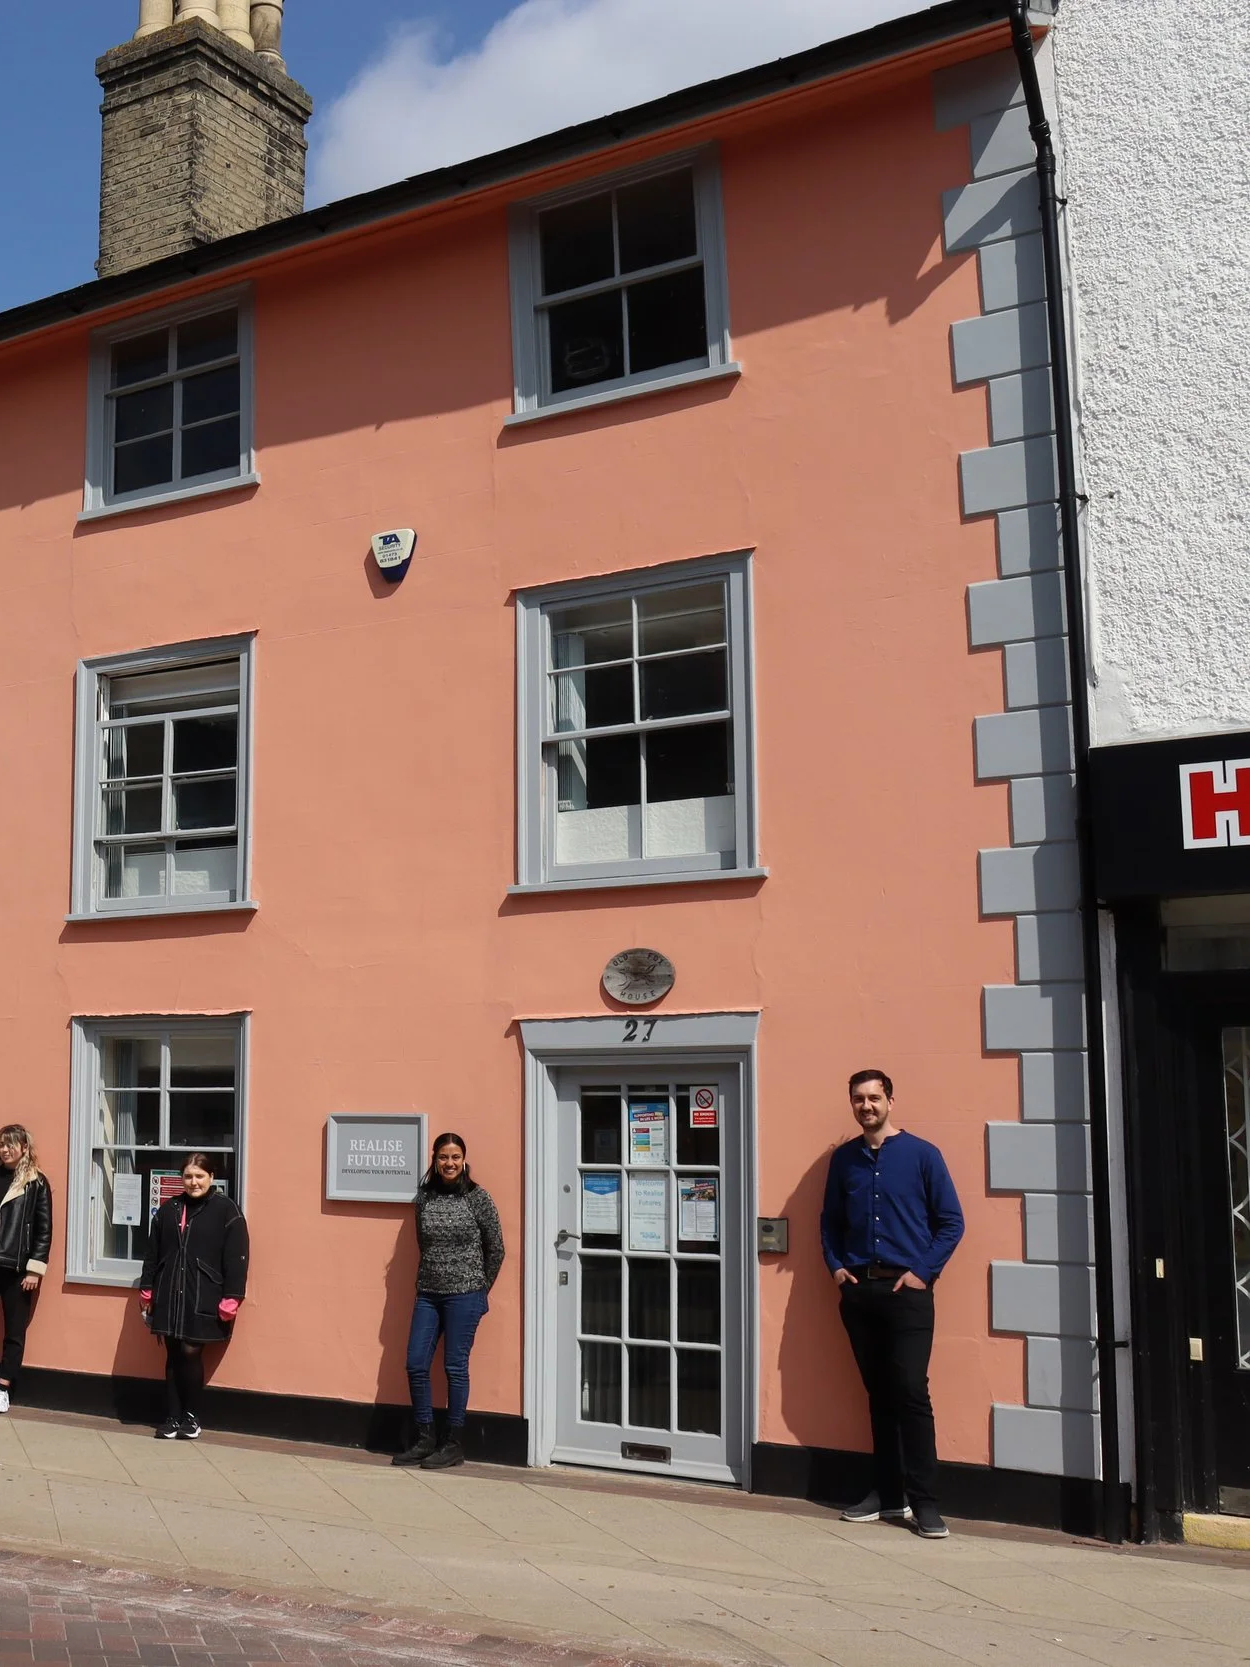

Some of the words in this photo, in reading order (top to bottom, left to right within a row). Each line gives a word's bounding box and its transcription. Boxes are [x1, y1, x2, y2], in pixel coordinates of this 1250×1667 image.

[613, 953, 628, 967] OLD
[647, 953, 664, 965] FOX
[620, 990, 656, 1000] HOUSE
[622, 1019, 658, 1043] 27
[350, 1139, 403, 1152] REALISE
[347, 1154, 406, 1168] FUTURES

## AIM OF THE EXERCISE:
Please output the material above again, exactly, and omit every image.

## EXERCISE RESPONSE:
Some of the words in this photo, in reading order (top to bottom, left to right within a row). Each line gives a word's bounding box and its transcription. Boxes are [x1, y1, x2, y2], in pixel coordinates of this 1250×1667 image.

[613, 953, 628, 967] OLD
[647, 953, 664, 965] FOX
[620, 990, 656, 1000] HOUSE
[622, 1019, 658, 1043] 27
[350, 1139, 403, 1152] REALISE
[347, 1154, 406, 1168] FUTURES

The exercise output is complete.